The current mayor of Châteauguay is Eric Allard who won election in November 2021.

Allard served as a city council member under the previous mayor, Pierre-Paul Routhier. Routhier was mayor from 2017 to 2021, and was preceded by Nathalie Simon who was elected mayor in 2009.

==Infrastructure==

===Public security===

The Châteauguay Police have more than 130 police officers. Their duties include investigations, crime prevention and routine city patrols. The force also participates in many community efforts. The majority of these outreach programs are aimed at Châteauguay youth and focus on the prevention of drug and alcohol use which is widespread among the youth (up to 78% of the teens have used a drug on the course of last month according to a survey).

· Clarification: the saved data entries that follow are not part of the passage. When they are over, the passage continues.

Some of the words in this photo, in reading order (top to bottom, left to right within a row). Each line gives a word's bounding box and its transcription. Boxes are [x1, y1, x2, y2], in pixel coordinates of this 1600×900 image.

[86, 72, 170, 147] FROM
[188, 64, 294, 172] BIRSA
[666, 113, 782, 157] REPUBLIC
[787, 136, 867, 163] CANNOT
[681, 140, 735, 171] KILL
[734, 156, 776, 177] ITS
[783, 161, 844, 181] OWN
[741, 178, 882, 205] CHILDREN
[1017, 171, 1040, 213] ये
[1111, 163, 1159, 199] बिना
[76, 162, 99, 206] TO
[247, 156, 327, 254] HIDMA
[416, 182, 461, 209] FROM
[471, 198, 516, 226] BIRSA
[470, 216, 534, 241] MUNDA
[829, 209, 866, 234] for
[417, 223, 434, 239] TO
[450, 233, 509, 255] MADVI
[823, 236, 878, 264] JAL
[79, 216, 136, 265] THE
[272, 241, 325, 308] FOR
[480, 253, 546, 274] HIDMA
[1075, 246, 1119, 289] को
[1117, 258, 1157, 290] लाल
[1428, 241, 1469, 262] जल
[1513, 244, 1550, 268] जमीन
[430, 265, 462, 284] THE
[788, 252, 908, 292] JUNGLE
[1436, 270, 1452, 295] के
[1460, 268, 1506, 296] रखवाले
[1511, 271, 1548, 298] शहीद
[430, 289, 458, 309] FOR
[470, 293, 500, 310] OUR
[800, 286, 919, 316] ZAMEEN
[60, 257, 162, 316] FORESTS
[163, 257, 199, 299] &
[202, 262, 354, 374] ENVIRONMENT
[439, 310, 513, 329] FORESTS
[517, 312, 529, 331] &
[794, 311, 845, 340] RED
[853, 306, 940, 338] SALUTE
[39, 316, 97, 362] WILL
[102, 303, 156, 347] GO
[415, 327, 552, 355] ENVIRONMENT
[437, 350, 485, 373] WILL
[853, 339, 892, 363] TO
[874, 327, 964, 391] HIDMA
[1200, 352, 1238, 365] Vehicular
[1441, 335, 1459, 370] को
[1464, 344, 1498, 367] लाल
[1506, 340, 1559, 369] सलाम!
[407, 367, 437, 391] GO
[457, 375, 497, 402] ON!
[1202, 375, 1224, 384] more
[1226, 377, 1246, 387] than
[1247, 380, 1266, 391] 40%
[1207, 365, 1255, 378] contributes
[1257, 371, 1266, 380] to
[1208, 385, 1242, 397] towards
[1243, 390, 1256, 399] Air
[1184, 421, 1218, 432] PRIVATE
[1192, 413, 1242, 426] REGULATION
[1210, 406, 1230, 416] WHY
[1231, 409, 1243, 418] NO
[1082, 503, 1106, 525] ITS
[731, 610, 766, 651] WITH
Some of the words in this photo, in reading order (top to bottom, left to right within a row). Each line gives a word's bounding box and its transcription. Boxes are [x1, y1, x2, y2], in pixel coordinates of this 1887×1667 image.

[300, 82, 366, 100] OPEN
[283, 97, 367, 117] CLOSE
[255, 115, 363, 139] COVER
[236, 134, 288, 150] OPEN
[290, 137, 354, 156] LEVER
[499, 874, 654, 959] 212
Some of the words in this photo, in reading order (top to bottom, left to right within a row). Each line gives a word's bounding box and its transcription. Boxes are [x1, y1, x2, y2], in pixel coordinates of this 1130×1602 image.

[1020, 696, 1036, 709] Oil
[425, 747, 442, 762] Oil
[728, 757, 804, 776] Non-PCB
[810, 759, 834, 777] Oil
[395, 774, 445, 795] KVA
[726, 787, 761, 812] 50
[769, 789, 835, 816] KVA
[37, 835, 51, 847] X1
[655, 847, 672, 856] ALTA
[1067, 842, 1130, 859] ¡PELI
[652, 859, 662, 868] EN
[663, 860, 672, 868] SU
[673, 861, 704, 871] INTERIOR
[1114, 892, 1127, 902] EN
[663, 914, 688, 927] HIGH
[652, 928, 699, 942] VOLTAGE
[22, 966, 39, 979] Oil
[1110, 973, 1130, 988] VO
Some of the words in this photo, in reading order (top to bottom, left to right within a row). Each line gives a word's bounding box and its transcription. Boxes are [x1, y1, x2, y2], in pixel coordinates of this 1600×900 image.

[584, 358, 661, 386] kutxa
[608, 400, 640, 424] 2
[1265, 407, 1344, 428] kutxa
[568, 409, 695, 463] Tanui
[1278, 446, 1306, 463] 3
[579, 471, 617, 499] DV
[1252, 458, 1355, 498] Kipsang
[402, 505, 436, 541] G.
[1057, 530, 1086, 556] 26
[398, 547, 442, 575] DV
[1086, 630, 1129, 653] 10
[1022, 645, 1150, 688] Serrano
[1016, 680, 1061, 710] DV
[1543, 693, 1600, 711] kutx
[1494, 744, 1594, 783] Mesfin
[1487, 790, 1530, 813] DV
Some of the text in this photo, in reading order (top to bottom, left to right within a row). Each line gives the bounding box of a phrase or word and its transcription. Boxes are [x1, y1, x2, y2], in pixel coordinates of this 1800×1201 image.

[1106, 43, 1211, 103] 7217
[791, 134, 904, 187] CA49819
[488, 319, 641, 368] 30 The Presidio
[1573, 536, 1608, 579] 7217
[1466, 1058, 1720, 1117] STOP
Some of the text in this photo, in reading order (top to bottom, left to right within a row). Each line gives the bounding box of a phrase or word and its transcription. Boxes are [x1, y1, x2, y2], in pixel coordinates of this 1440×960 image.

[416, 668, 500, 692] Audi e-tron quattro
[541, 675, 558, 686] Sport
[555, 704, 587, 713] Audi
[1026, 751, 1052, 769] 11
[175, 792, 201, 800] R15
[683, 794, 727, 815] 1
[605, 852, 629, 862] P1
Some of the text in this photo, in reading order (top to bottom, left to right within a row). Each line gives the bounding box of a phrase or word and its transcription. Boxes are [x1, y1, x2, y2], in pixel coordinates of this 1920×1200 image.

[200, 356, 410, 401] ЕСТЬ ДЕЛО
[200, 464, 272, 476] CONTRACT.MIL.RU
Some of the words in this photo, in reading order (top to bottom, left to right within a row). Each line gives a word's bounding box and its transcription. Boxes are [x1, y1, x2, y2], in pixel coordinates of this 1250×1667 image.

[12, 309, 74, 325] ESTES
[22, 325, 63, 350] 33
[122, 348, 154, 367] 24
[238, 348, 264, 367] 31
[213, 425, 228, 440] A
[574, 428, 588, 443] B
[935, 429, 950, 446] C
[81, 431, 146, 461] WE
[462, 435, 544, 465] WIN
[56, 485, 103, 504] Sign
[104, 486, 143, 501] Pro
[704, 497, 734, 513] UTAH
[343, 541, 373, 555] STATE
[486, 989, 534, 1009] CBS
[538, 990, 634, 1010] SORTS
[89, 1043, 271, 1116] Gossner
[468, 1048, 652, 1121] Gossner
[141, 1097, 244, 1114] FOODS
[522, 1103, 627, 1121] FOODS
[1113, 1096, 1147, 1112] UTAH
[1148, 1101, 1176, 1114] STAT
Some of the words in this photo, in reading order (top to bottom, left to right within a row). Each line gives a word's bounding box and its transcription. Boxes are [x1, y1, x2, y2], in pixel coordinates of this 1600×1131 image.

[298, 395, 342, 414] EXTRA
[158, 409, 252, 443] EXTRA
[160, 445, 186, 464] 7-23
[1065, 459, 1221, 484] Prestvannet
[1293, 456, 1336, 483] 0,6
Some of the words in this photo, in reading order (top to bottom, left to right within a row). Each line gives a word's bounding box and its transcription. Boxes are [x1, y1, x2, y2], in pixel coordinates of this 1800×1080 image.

The force, originally having only jurisdiction within the city limits expanded its jurisdiction over the nearby cities of Léry, Mercier, Beauharnois and Saint-Isidore between 2002 and 2007 through agreements between the municipalities. However, Mercier set up an independent policing system in 2019.

===Utilities===
Since 1984, Châteauguay has been home to one of the largest HVDC-back-to-back stations in the world with an operating voltage of 140 kV and a maximum transmission rate of 1000 MW.

==Transport==
===Public transit===

Public transportation is assured by CITSO (Conseil Intermunicipal de Transport du Sud-Ouest). They run two Châteauguay-Angrignon loop bus routes circulating in opposite directions. A city minibus transfers commuters from the western part of the suburb to the downtown, where the other off-peak routes pass. During rush hours, more bus routes connect the various neighbourhoods with the Angrignon bus terminal and metro station. A special express bus route connects western Châteauguay and the Châteauguay Park-and-ride with downtown Montreal, only during rush hours. A reserved lane on Highway 138 eastbound makes the connection significantly faster when the Mercier Bridge is congested. The Châteauguay public transit system also offers a Taxi-Bus service which allows those people who live outside of the normal bus routes to, by way of transfer, use a taxi funded by CITSO to drop them off at specific points in the city usually within walking distance of their residence.

==Education==
The majority of the education institutions within Châteauguay are public, with the exception of Collège Héritage. A small list of Châteauguay schools includes:

- Collège Héritage - Semi-private high school for French-speaking students (also houses 5th and 6th grade elementary school students).
- Howard S. Billings Regional High School - High school for English-speaking students.
- Louis-Philippe-Paré, more commonly known as L.P.P. - High school for French-speaking students.
- Gabrielle-Roy - Middle school for French-speaking students.
- Centennial Park Elementary - Elementary school for English-speaking students (sometimes known as CPS).
- St-Jude - Elementary school for French-speaking students.
- Mary Gardner - Elementary school for English-speaking students.
- École de La Rive - Elementary school for French-speaking students.
- Laberge - Elementary school for French-speaking students.
- Harmony School - Elementary school for English-speaking students.
- St-Jean-Baptiste - Elementary school for French-speaking students.
- St. Willibrord - Elementary school for English-speaking students.
- Gérin-Lajoie - Elementary school for French-speaking students.
- Notre-Dame-de-l'Assomption - Elementary school for French-speaking students.
- Marguerite-Bourgeoys - Middle school for French-speaking students.
- Trois-Sources - Elementary school for French-speaking students.
- Marc-André Fortier - Elementary school for French-speaking students.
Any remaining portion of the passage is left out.